Tomohiro Kohmoto; Takuya Naruto; Haruka Kobayashi; Miki Watanabe; Nana Okamoto; Kiyoshi Masuda; Issei Imoto; Nobuhiko Okamoto

doi:10.1038/hgv.2015.43

A novel COL11A1 mutation affecting splicing in a patient with Stickler syndrome

Hum Genome Var. 2015 Nov 12:2:15043. doi: 10.1038/hgv.2015.43. eCollection 2015.

Authors

Tomohiro Kohmoto¹, Takuya Naruto², Haruka Kobayashi¹, Miki Watanabe¹, Nana Okamoto³, Kiyoshi Masuda², Issei Imoto², Nobuhiko Okamoto⁴

Affiliations

¹ Department of Human Genetics, Institute of Biomedical Sciences, Tokushima University Graduate School, Tokushima, Japan; Student Lab, Faculty of Medicine, Tokushima University, Tokushima, Japan.
² Department of Human Genetics, Institute of Biomedical Sciences, Tokushima University Graduate School , Tokushima, Japan.
³ Department of Oral and Maxillofacial Surgery, Kobe University Graduate School of Medicine , Kobe, Japan.
⁴ Department of Medical Genetics, Osaka Medical Center and Research Institute for Maternal and Child Health , Osaka, Japan.

Abstract

Stickler syndrome is a clinically and genetically heterogeneous collagenopathy characterized by ocular, auditory, skeletal and orofacial abnormalities, commonly occurring as an autosomal dominant trait.

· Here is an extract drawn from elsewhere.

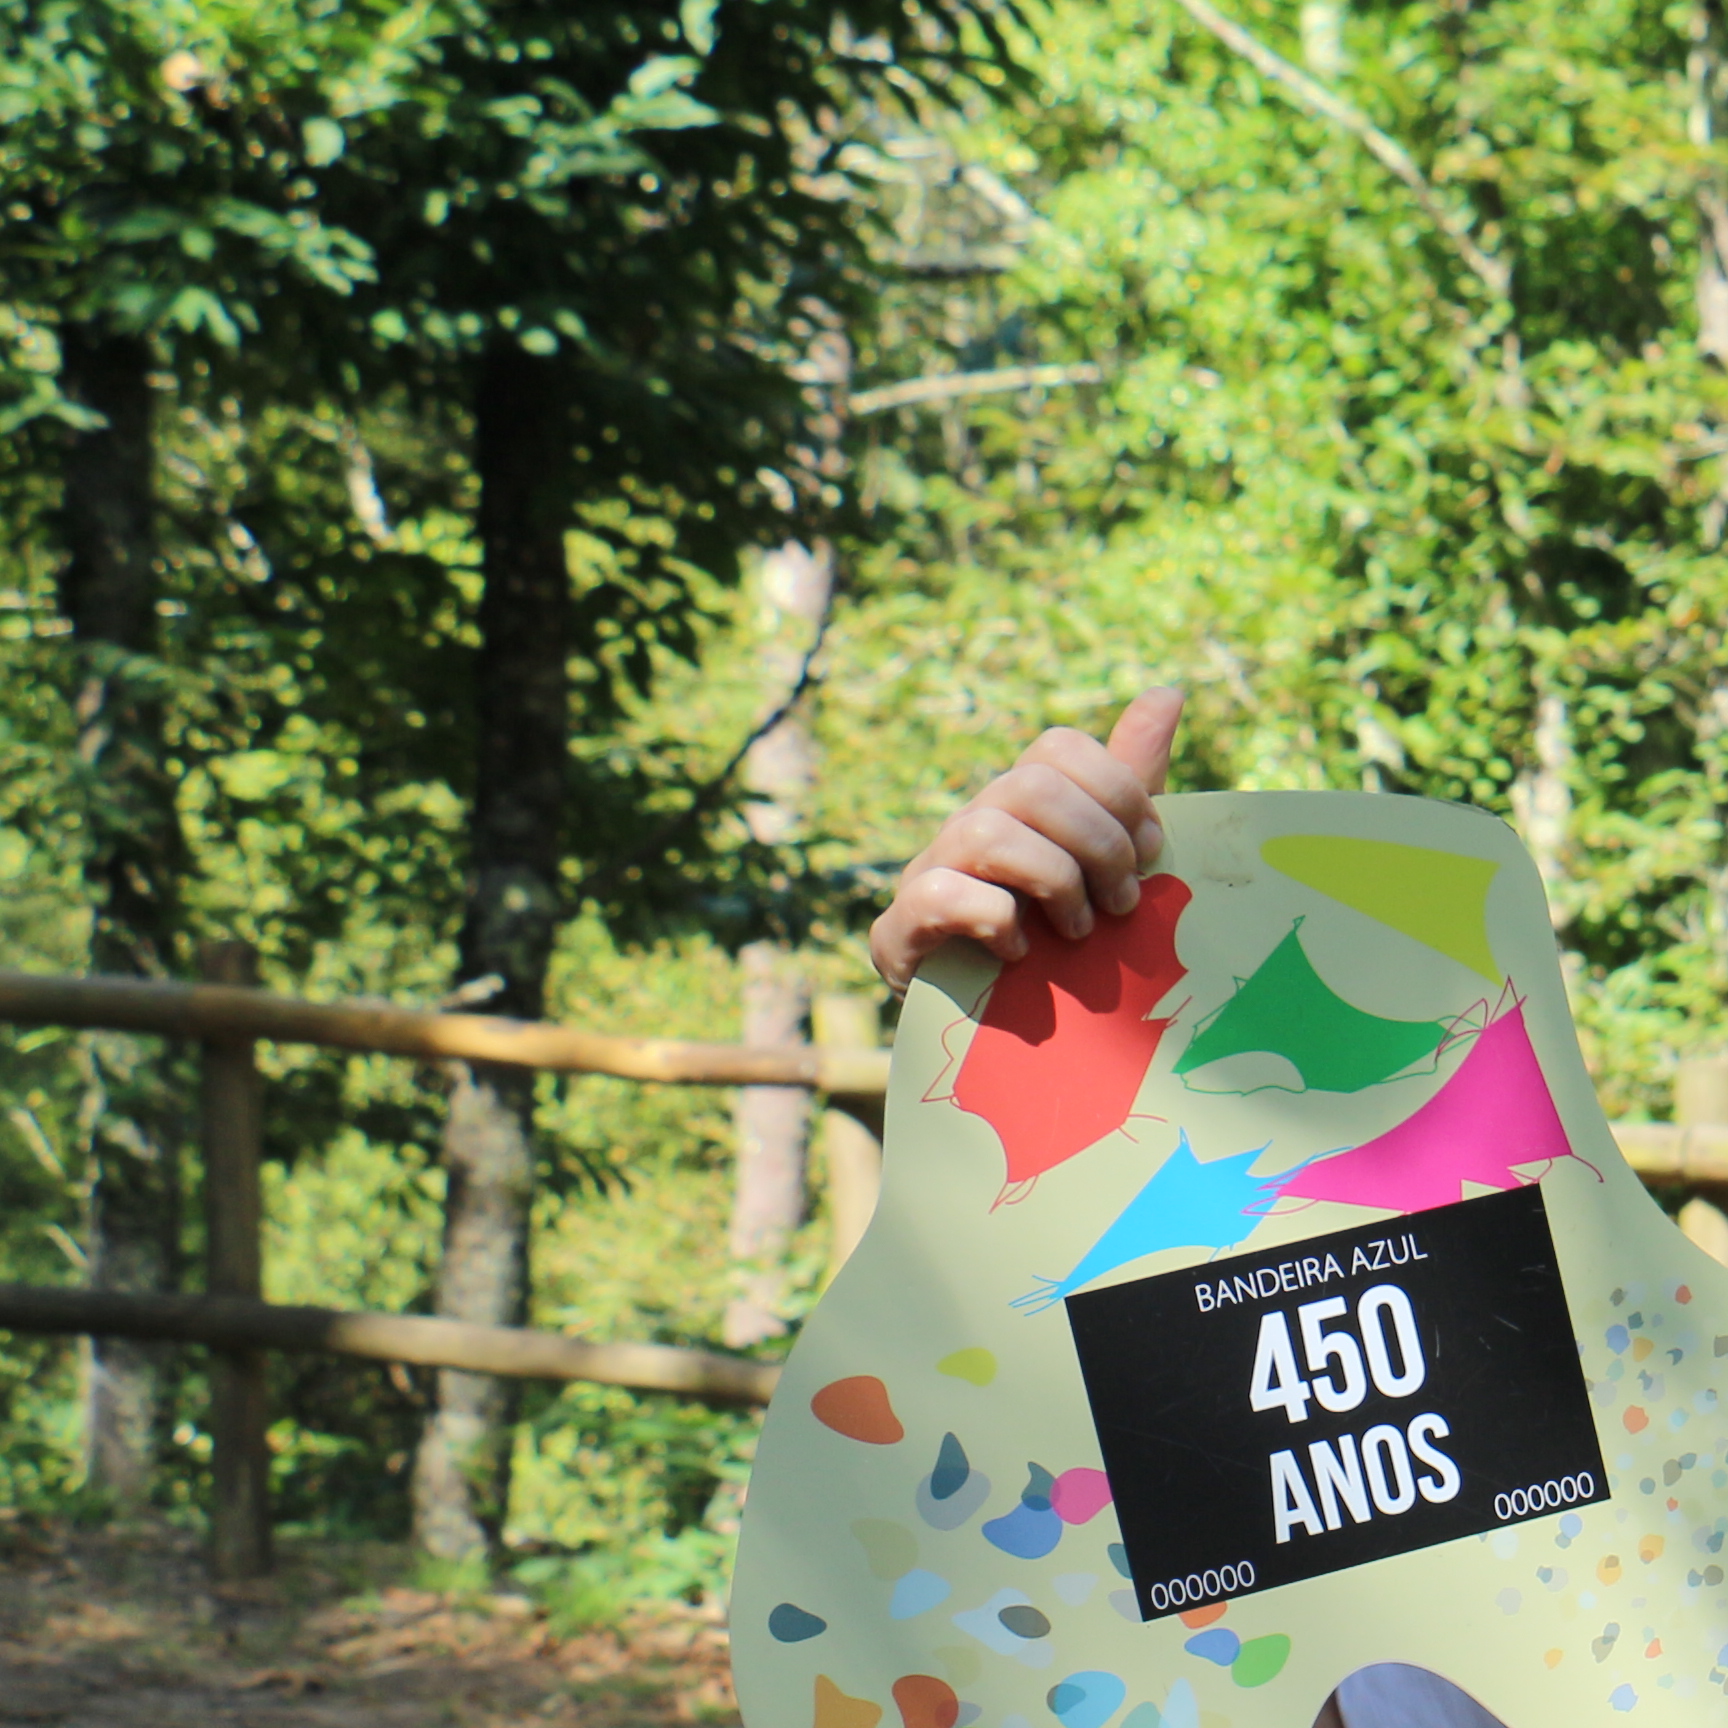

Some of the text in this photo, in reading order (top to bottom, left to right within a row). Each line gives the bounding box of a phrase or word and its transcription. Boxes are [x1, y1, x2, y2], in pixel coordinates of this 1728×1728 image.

[1194, 1233, 1429, 1313] BANDEIRA AZUL
[1248, 1283, 1426, 1424] 450
[1269, 1412, 1461, 1545] ANOS

We conducted target resequencing to analyze candidate genes associated with known clinical phenotypes from a 4-year-old girl with Stickler syndrome. We detected a novel heterozygous intronic mutation (NM_001854.3:c.3168+5G>A) in COL11A1 that may impair splicing, which was suggested by in silico prediction and a minigene assay.